Data in this exercise:
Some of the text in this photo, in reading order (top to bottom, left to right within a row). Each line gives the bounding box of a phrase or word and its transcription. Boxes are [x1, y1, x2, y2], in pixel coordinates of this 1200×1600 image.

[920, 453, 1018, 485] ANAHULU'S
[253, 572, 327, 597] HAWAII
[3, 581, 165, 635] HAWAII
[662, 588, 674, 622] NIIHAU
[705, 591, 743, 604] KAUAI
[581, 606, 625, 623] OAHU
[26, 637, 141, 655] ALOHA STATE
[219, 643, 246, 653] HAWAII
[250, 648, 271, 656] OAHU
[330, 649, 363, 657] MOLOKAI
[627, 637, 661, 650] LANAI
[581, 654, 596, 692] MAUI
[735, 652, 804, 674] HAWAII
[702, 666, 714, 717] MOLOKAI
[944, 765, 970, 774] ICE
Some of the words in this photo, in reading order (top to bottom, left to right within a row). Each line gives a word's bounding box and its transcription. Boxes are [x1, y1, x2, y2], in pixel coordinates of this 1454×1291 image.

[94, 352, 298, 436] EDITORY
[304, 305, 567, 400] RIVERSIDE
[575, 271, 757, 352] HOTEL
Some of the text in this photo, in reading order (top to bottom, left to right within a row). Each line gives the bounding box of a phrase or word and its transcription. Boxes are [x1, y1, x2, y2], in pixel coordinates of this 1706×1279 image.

Assigned task:
Copy out the material in its entirety. Keep it exact.

Expected output:
Some of the text in this photo, in reading order (top to bottom, left to right within a row). Each line gives the bounding box of a phrase or word and its transcription. Boxes are [x1, y1, x2, y2], in pixel coordinates of this 1200×1600 image.

[920, 453, 1018, 485] ANAHULU'S
[253, 572, 327, 597] HAWAII
[3, 581, 165, 635] HAWAII
[662, 588, 674, 622] NIIHAU
[705, 591, 743, 604] KAUAI
[581, 606, 625, 623] OAHU
[26, 637, 141, 655] ALOHA STATE
[219, 643, 246, 653] HAWAII
[250, 648, 271, 656] OAHU
[330, 649, 363, 657] MOLOKAI
[627, 637, 661, 650] LANAI
[581, 654, 596, 692] MAUI
[735, 652, 804, 674] HAWAII
[702, 666, 714, 717] MOLOKAI
[944, 765, 970, 774] ICE
Some of the words in this photo, in reading order (top to bottom, left to right within a row). Each line gives a word's bounding box and its transcription. Boxes are [x1, y1, x2, y2], in pixel coordinates of this 1454×1291 image.

[94, 352, 298, 436] EDITORY
[304, 305, 567, 400] RIVERSIDE
[575, 271, 757, 352] HOTEL
Some of the text in this photo, in reading order (top to bottom, left to right within a row). Each line gives the bounding box of a phrase or word and its transcription. Boxes are [x1, y1, x2, y2], in pixel coordinates of this 1706×1279 image.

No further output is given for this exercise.